[Referring expression grounding data]
# # # #

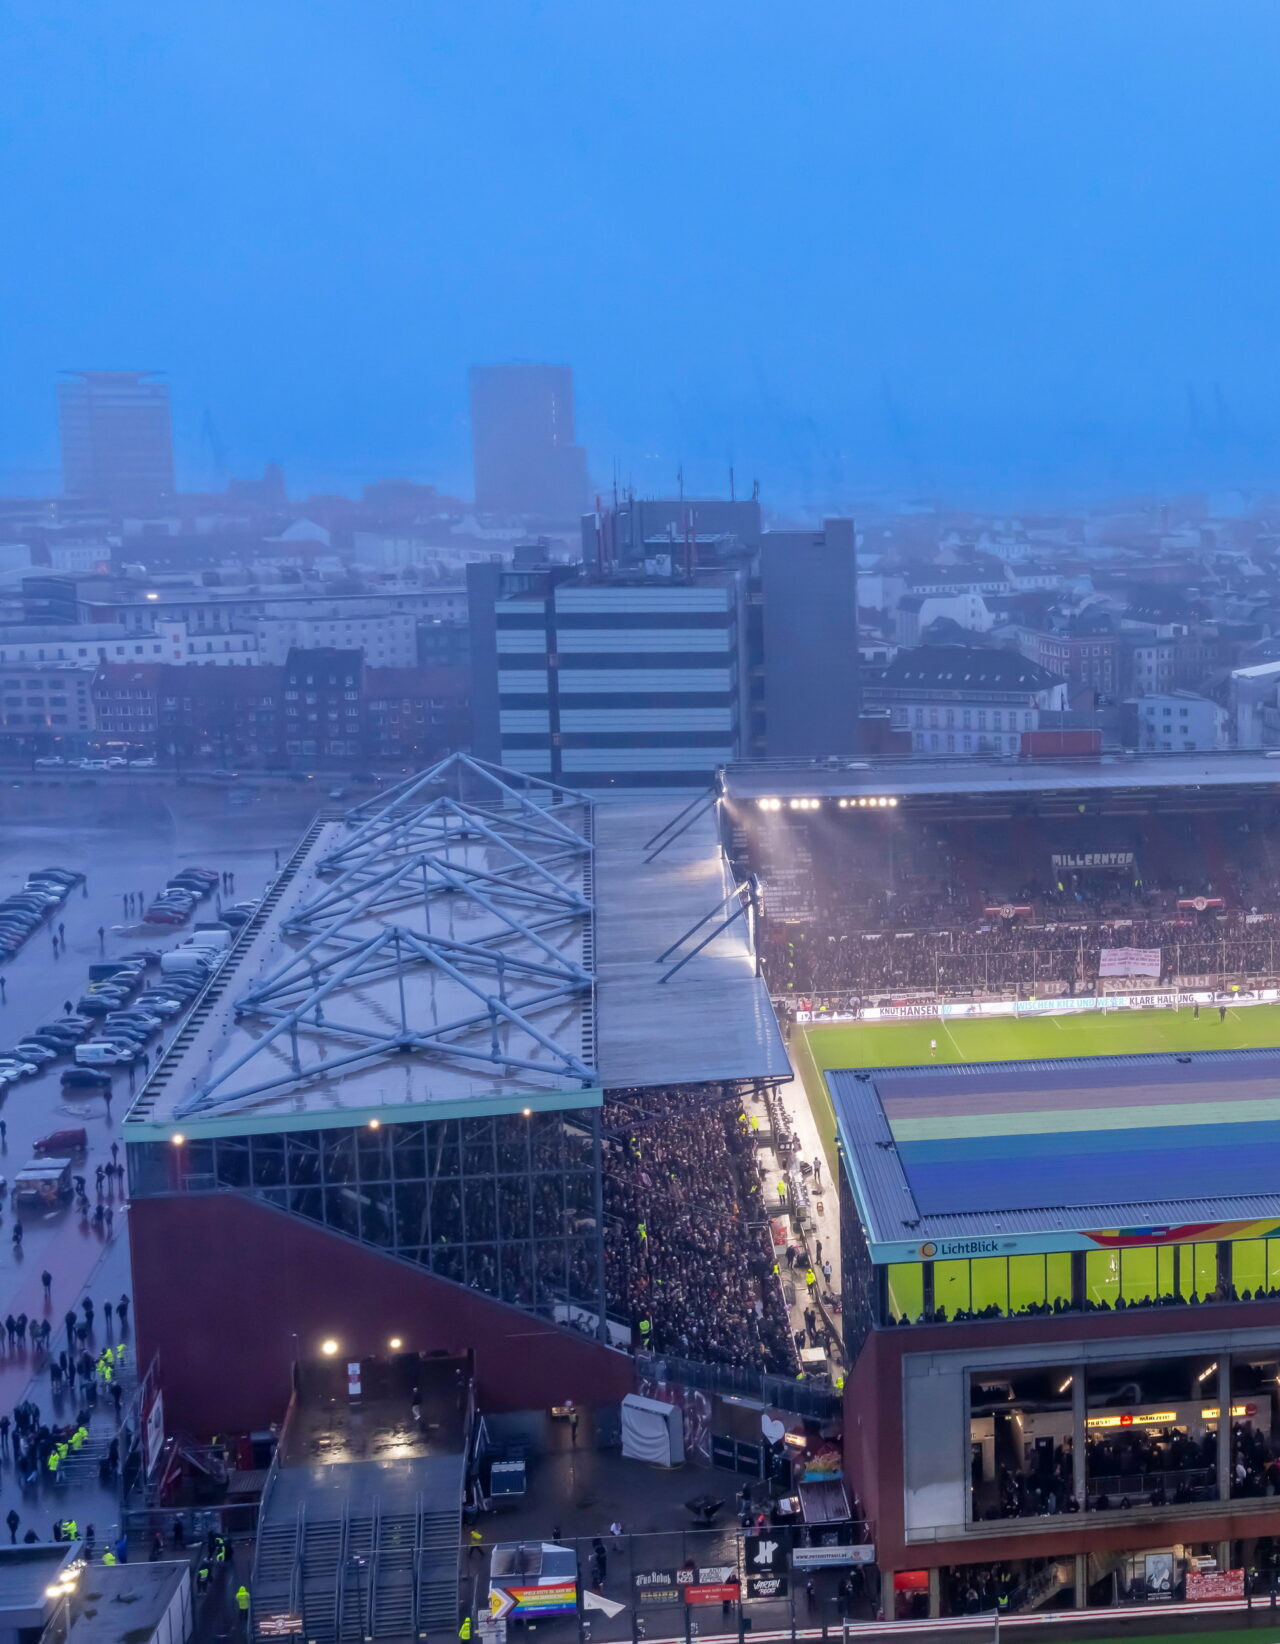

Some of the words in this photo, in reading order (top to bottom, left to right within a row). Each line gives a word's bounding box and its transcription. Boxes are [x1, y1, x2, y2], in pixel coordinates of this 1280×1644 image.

[1051, 853, 1134, 866] MILLERNTOR
[1129, 996, 1156, 1006] KLARE
[900, 1005, 939, 1016] HANSEN
[941, 1240, 999, 1255] LichtBlick
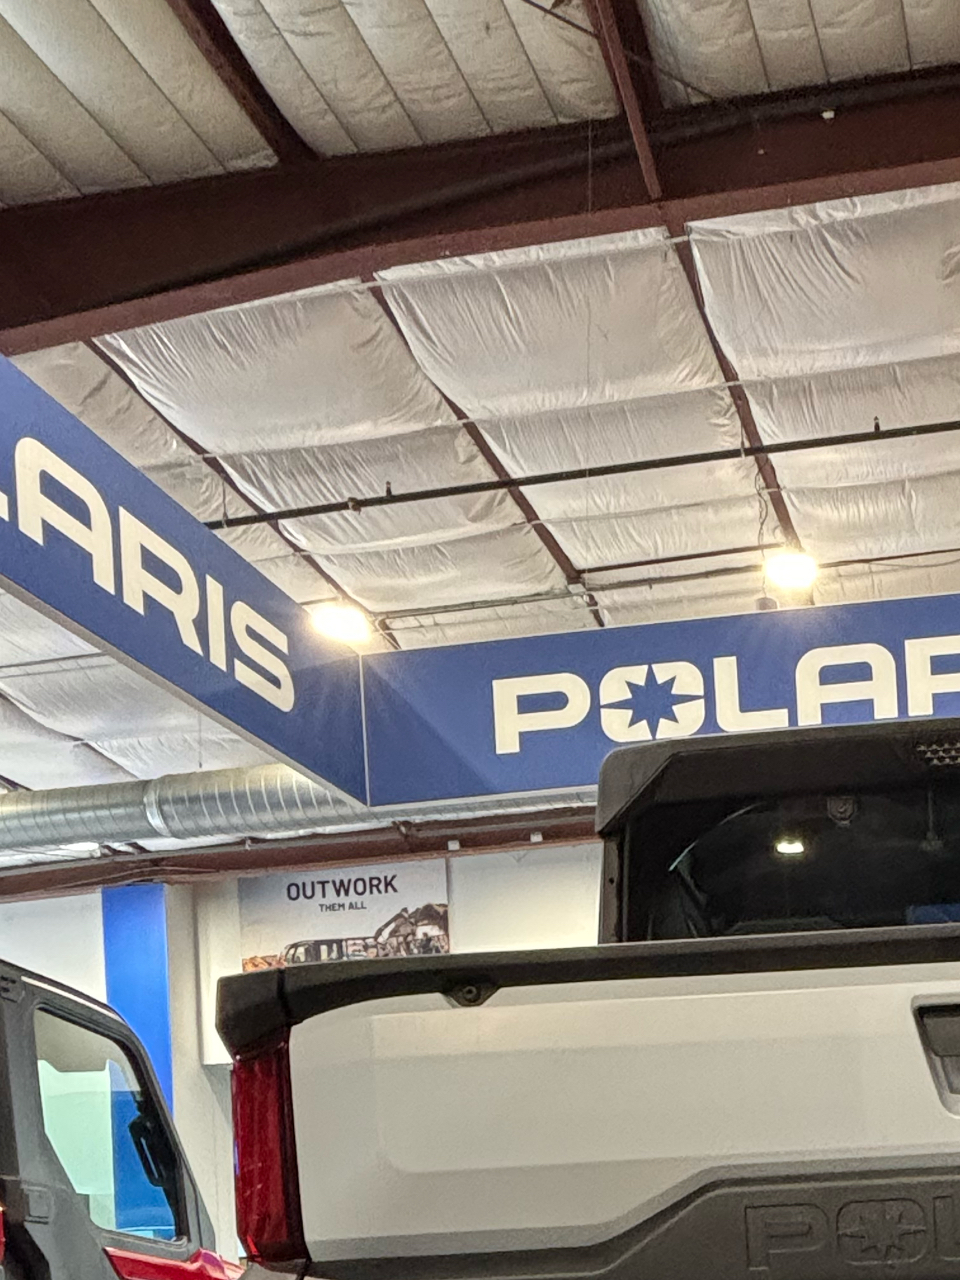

# # # #

**Task requirements:**
The complete set of records should be written out again, pictures excluded.

**Result of the task:**
Some of the words in this photo, in reading order (top to bottom, left to right within a row). Each line gives a word's bounding box and its transcription. Boxes are [x1, y1, x2, y2], in pixel coordinates of this 1280×1644 image.

[1051, 853, 1134, 866] MILLERNTOR
[1129, 996, 1156, 1006] KLARE
[900, 1005, 939, 1016] HANSEN
[941, 1240, 999, 1255] LichtBlick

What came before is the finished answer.